== EXTRACTED ENTRIES ==
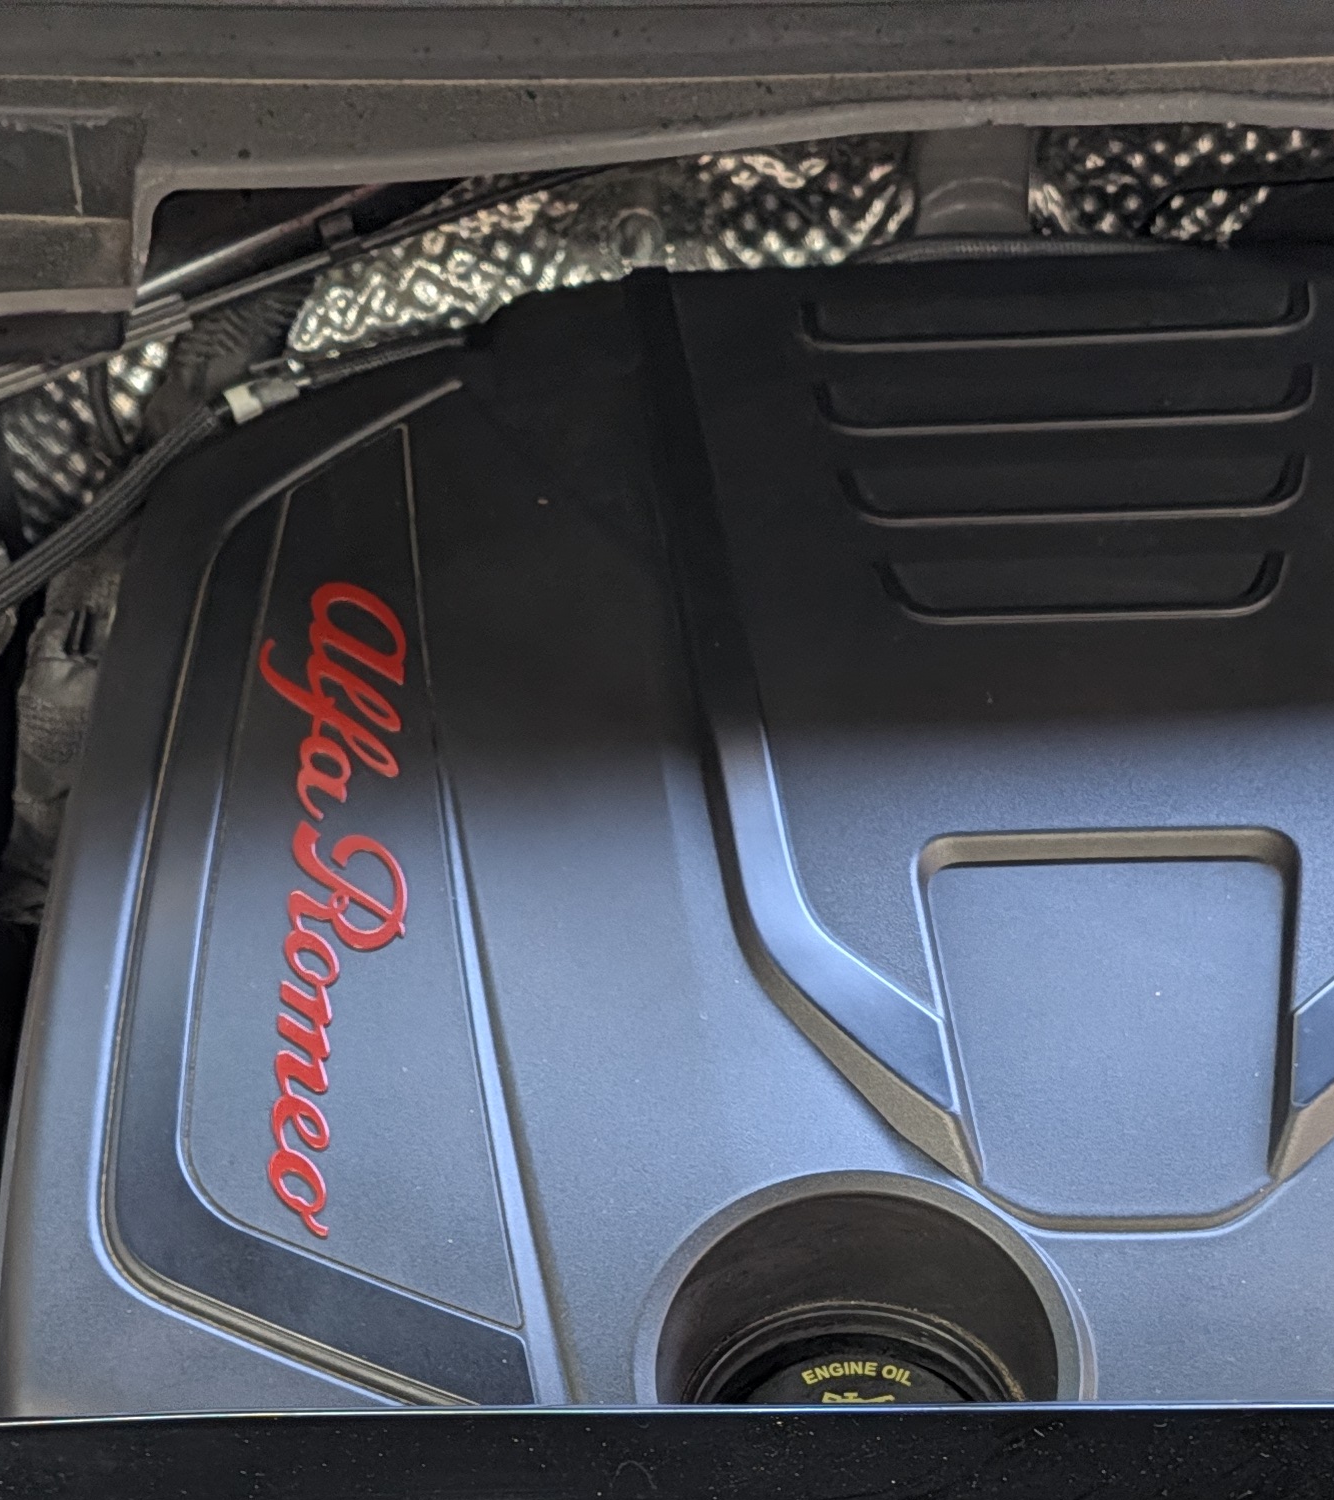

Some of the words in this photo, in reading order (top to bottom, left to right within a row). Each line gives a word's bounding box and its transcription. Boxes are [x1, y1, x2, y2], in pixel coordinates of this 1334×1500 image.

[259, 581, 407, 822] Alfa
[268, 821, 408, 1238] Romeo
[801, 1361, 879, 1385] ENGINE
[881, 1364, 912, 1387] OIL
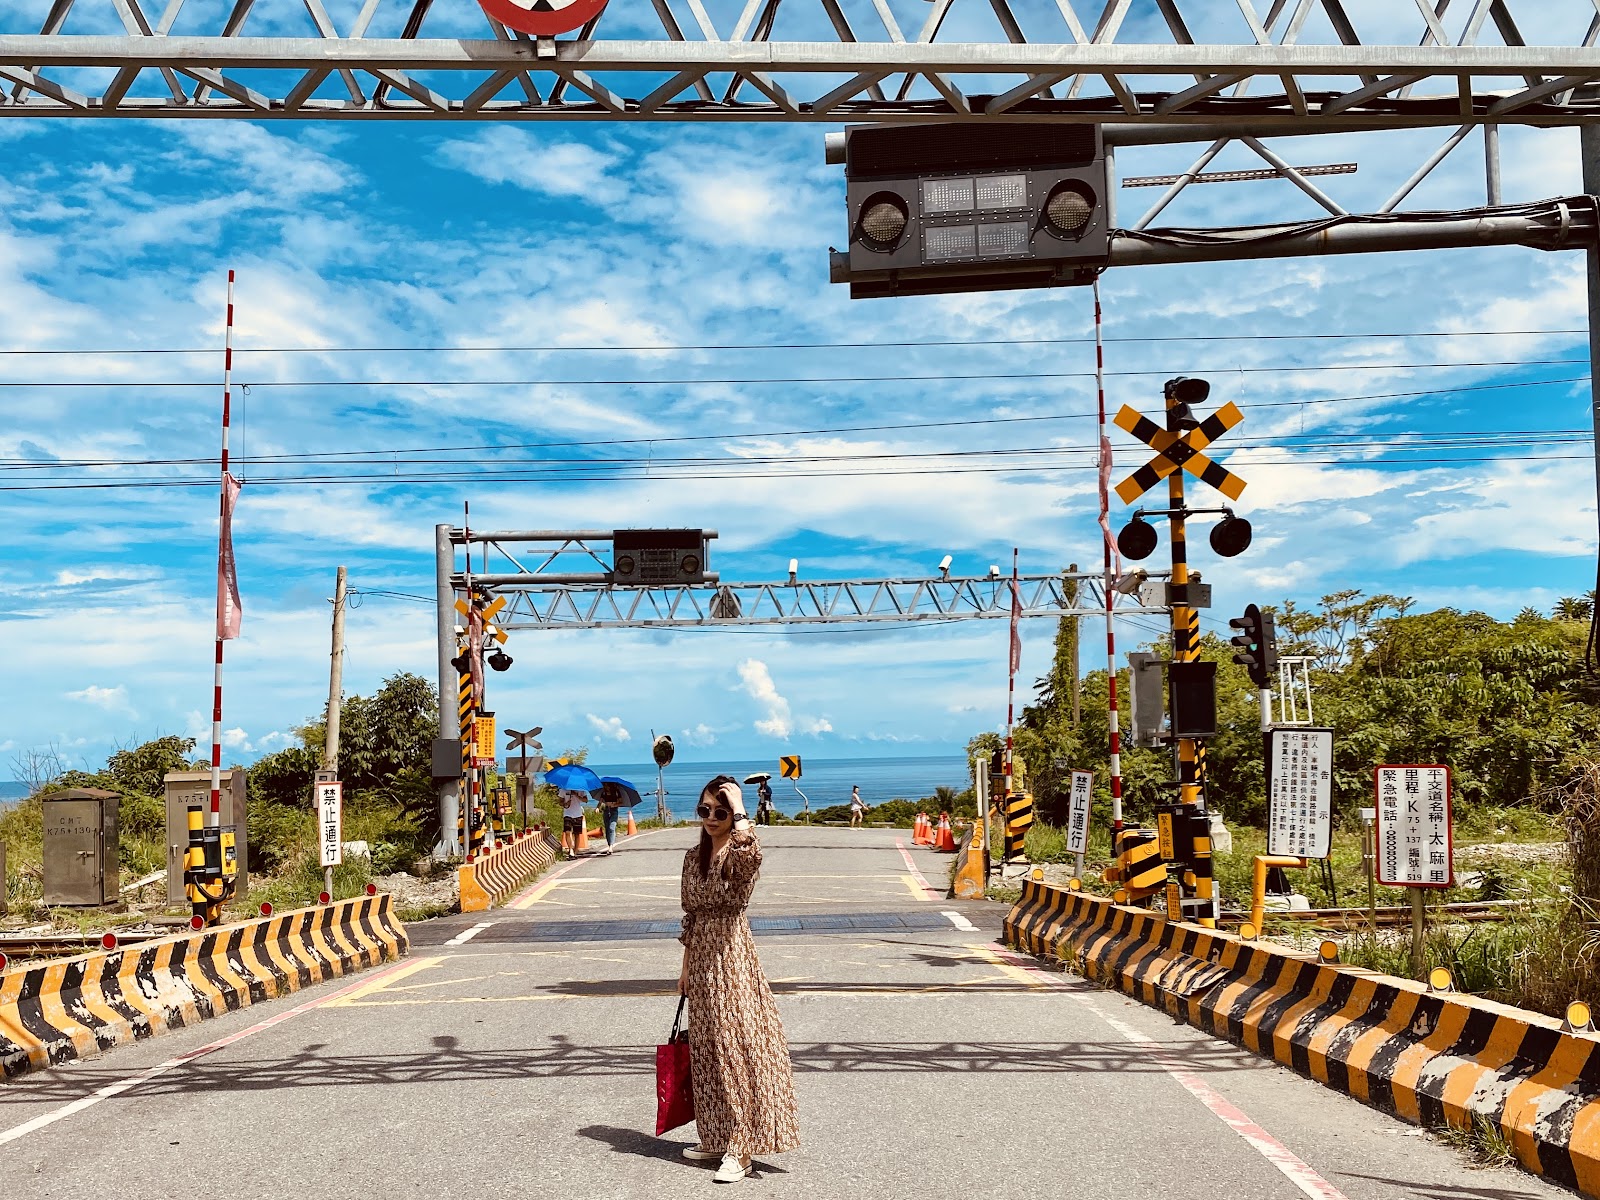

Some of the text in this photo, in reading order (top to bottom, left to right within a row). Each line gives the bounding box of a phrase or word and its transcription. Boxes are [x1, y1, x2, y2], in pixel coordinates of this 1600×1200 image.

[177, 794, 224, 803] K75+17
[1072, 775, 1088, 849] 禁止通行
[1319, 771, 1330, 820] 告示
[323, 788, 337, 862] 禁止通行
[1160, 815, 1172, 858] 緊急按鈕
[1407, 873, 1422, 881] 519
===
WHAT IS REQUIRED —
Your answer should hold every record above, printed exactly and free of pictures.

RESPONSE TO THIS TASK —
Some of the words in this photo, in reading order (top to bottom, left to right within a row). Each line gives a word's bounding box and its transcription. Boxes are [x1, y1, x2, y2], in pixel coordinates of this 1334×1500 image.

[259, 581, 407, 822] Alfa
[268, 821, 408, 1238] Romeo
[801, 1361, 879, 1385] ENGINE
[881, 1364, 912, 1387] OIL

Some of the text in this photo, in reading order (top to bottom, left to right within a row). Each line gives the bounding box of a phrase or word and its transcription. Boxes are [x1, y1, x2, y2], in pixel coordinates of this 1600×1200 image.

[177, 794, 224, 803] K75+17
[1072, 775, 1088, 849] 禁止通行
[1319, 771, 1330, 820] 告示
[323, 788, 337, 862] 禁止通行
[1160, 815, 1172, 858] 緊急按鈕
[1407, 873, 1422, 881] 519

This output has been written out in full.